[Dataset records]
#####
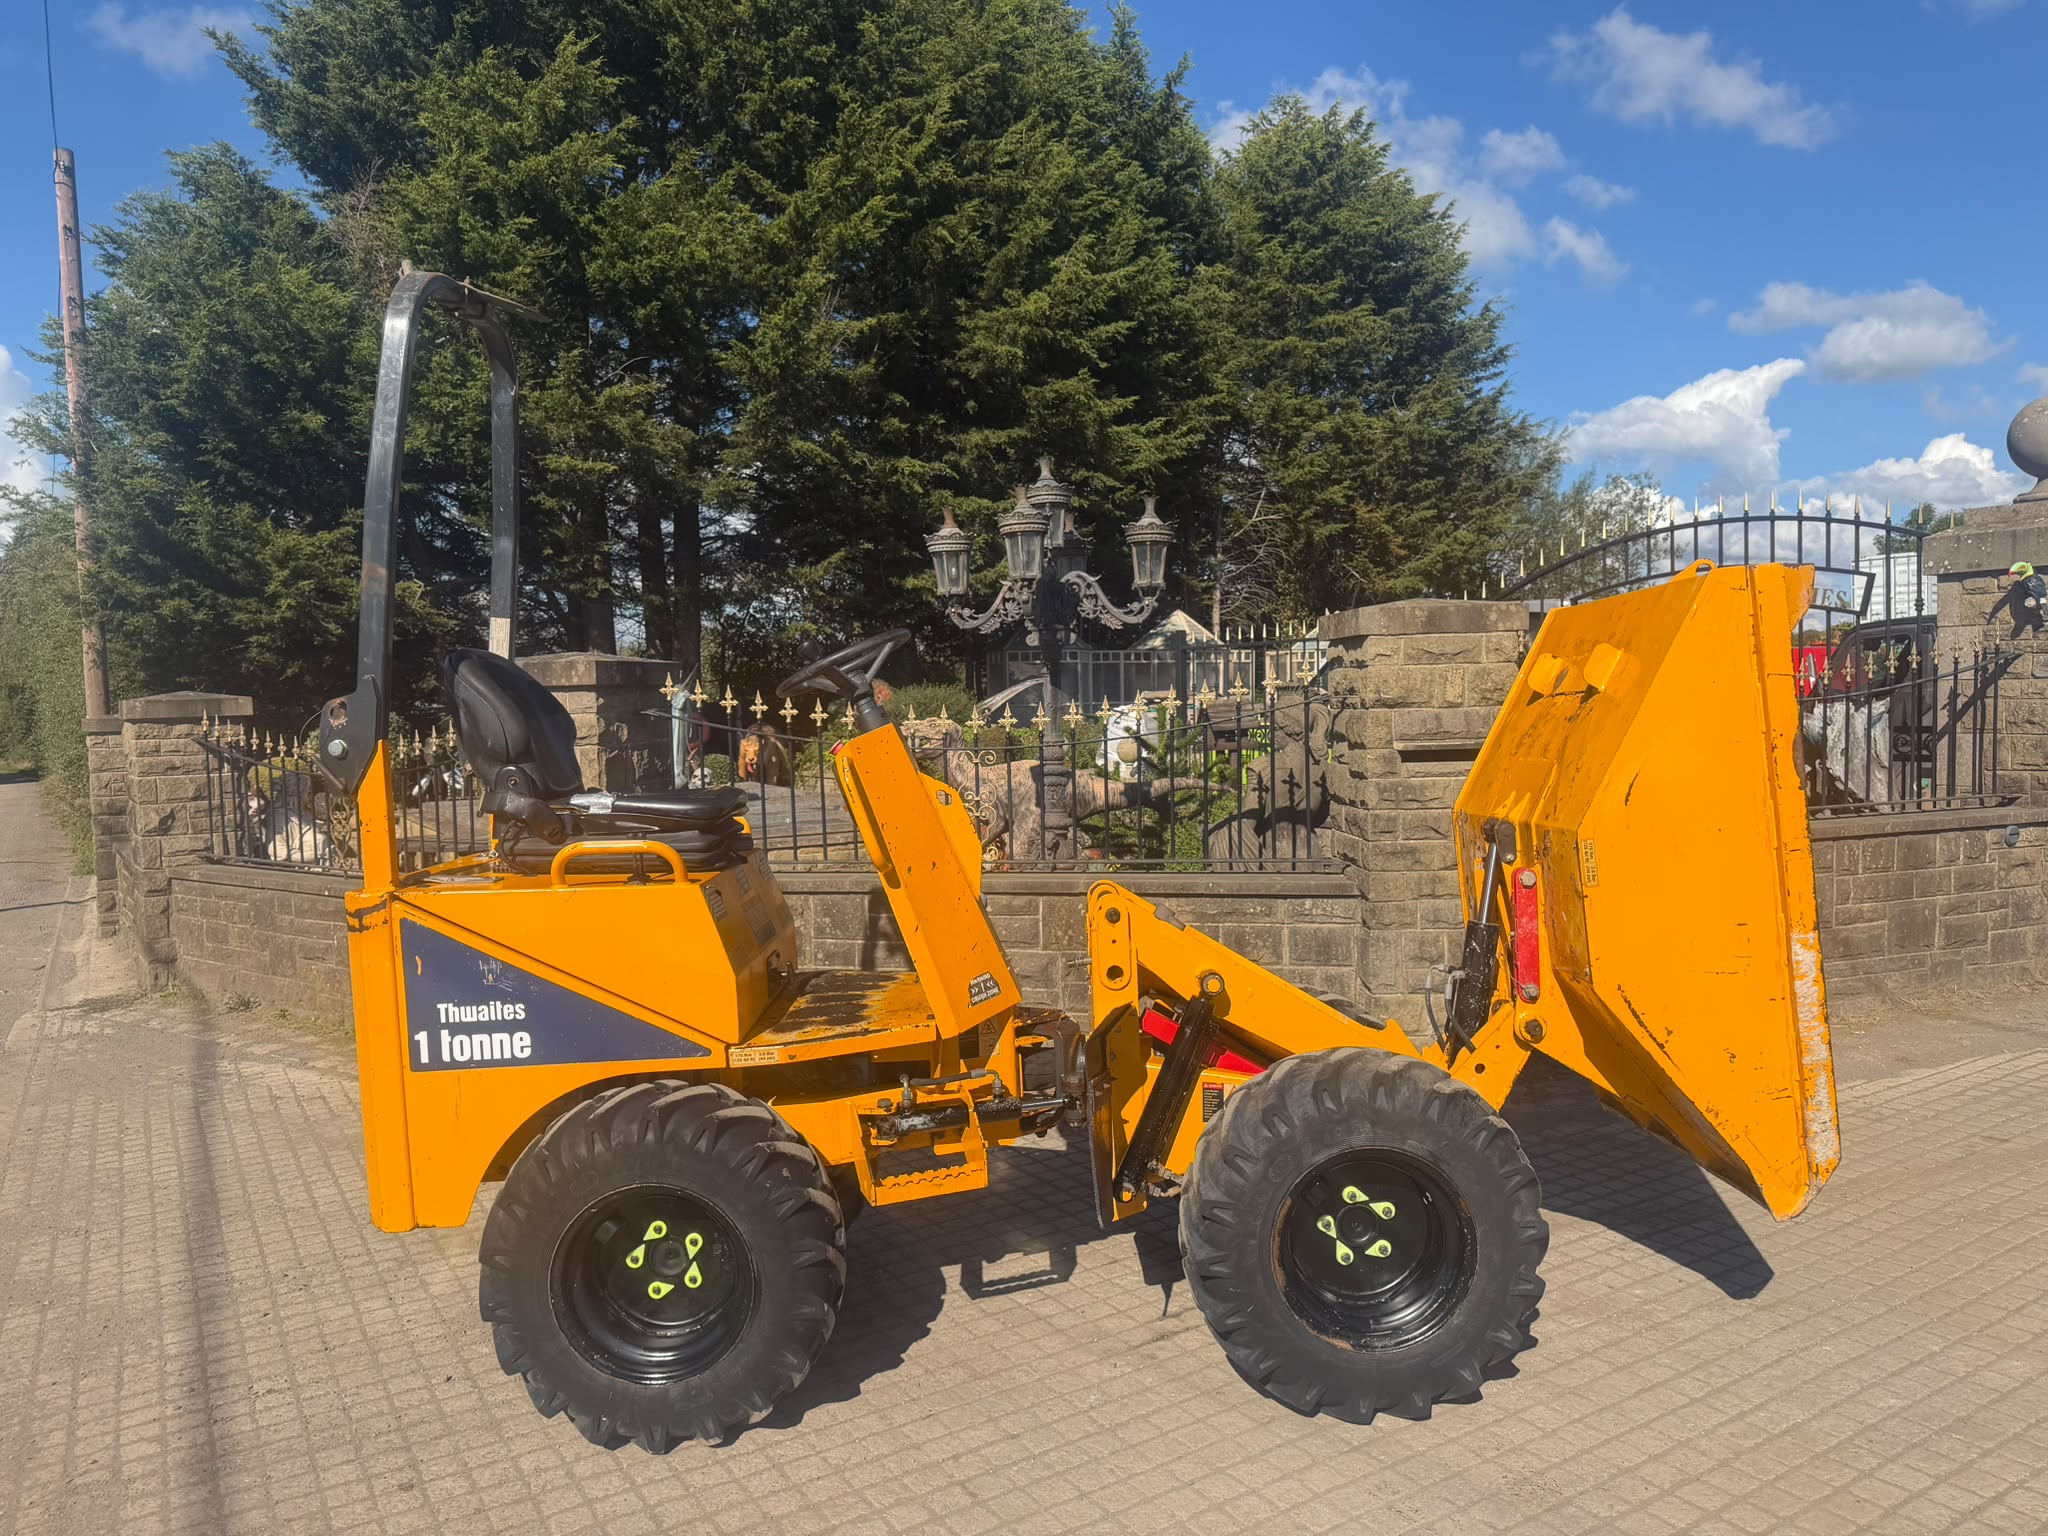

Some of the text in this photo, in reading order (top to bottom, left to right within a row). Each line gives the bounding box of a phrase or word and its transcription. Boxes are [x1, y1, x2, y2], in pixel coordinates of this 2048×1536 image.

[437, 1001, 526, 1024] Thwaites
[414, 1029, 532, 1064] 1 tonne
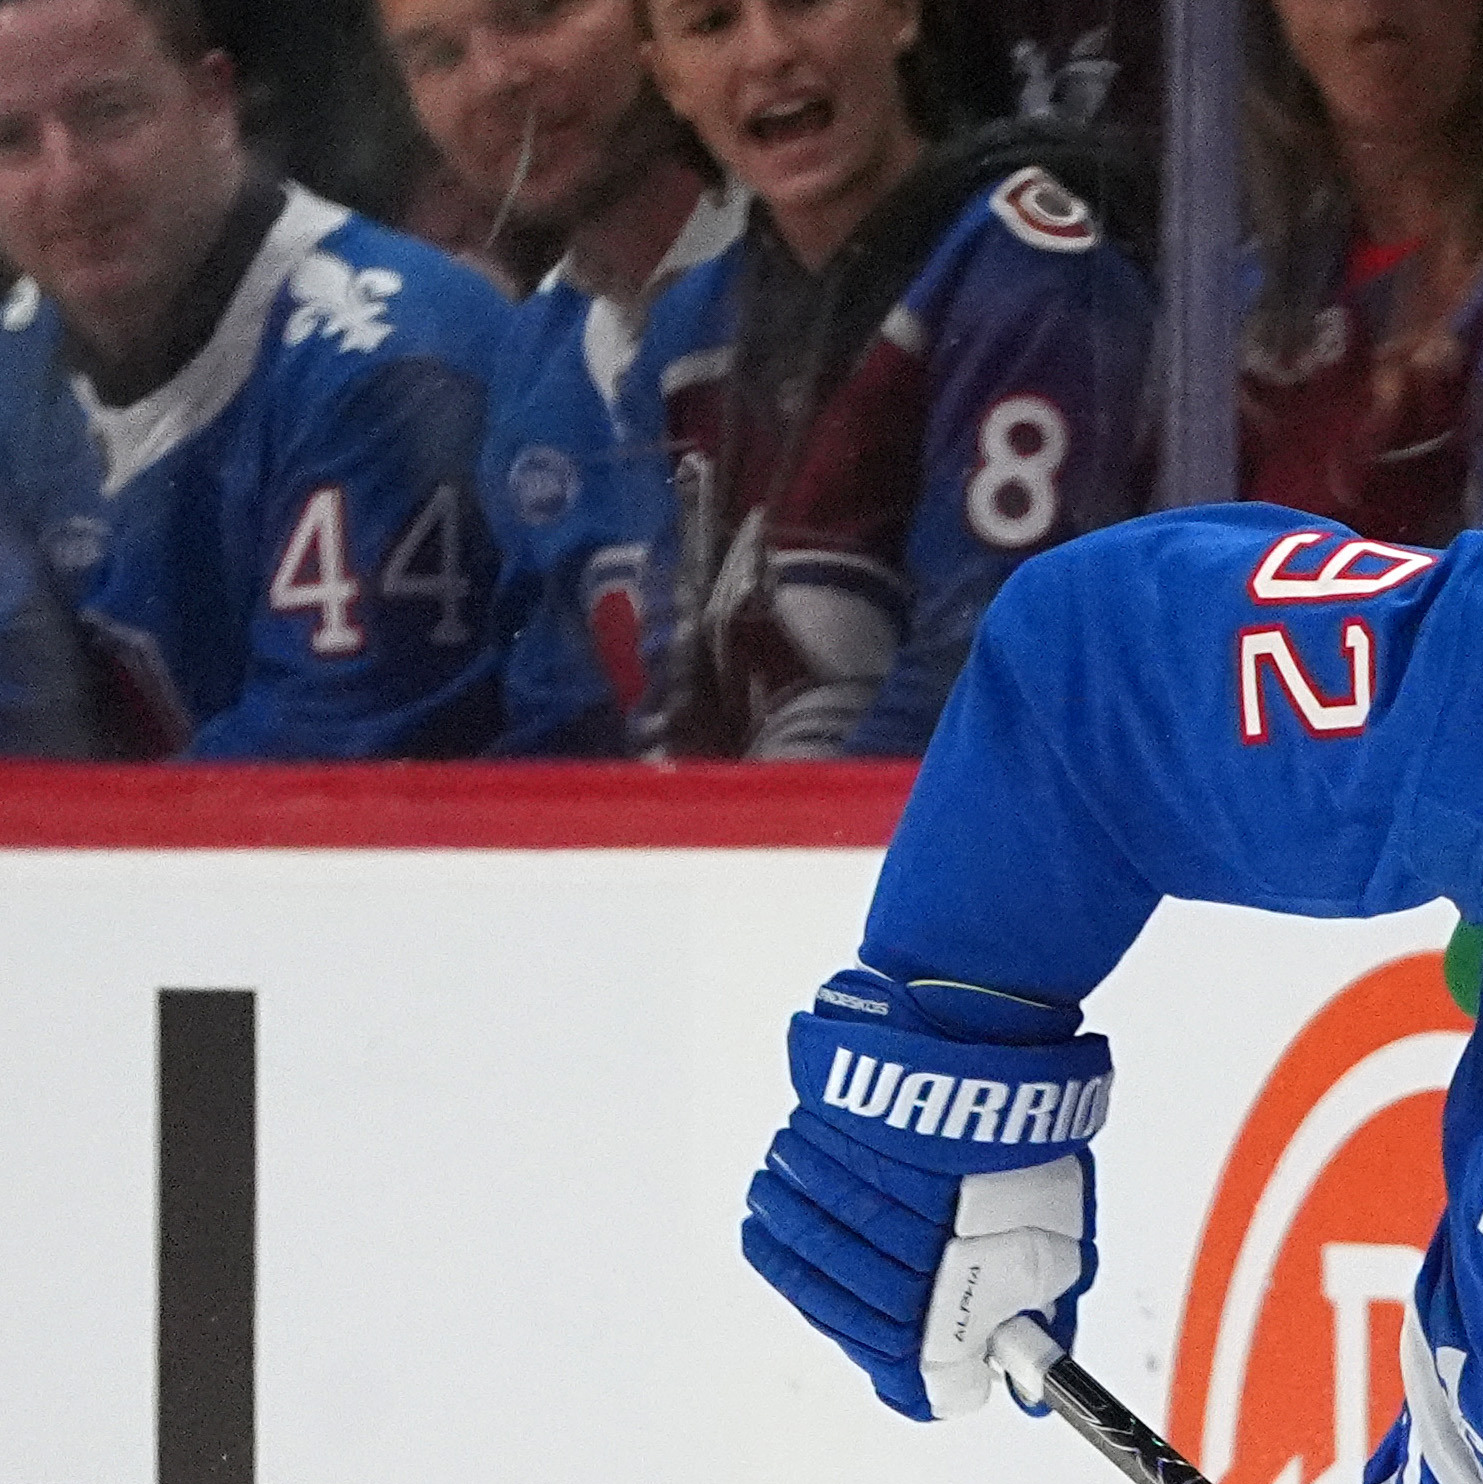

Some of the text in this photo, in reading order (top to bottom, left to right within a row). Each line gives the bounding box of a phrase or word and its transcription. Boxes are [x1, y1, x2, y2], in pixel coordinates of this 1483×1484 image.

[965, 395, 1070, 549] 8
[1237, 528, 1440, 746] 92
[823, 1045, 1115, 1144] WARRIO
#####
The problem :: Could you output all of the records exactly, without their pictures?

Response box ::
Some of the text in this photo, in reading order (top to bottom, left to right within a row). Each line gives the bounding box of a phrase or word and its transcription. Boxes are [x1, y1, x2, y2], in pixel coordinates of this 2048×1536 image.

[437, 1001, 526, 1024] Thwaites
[414, 1029, 532, 1064] 1 tonne

Some of the text in this photo, in reading order (top to bottom, left to right within a row). Each line gives the bounding box of a phrase or word and its transcription. Boxes are [x1, y1, x2, y2], in pixel coordinates of this 1483×1484 image.

[965, 395, 1070, 549] 8
[1237, 528, 1440, 746] 92
[823, 1045, 1115, 1144] WARRIO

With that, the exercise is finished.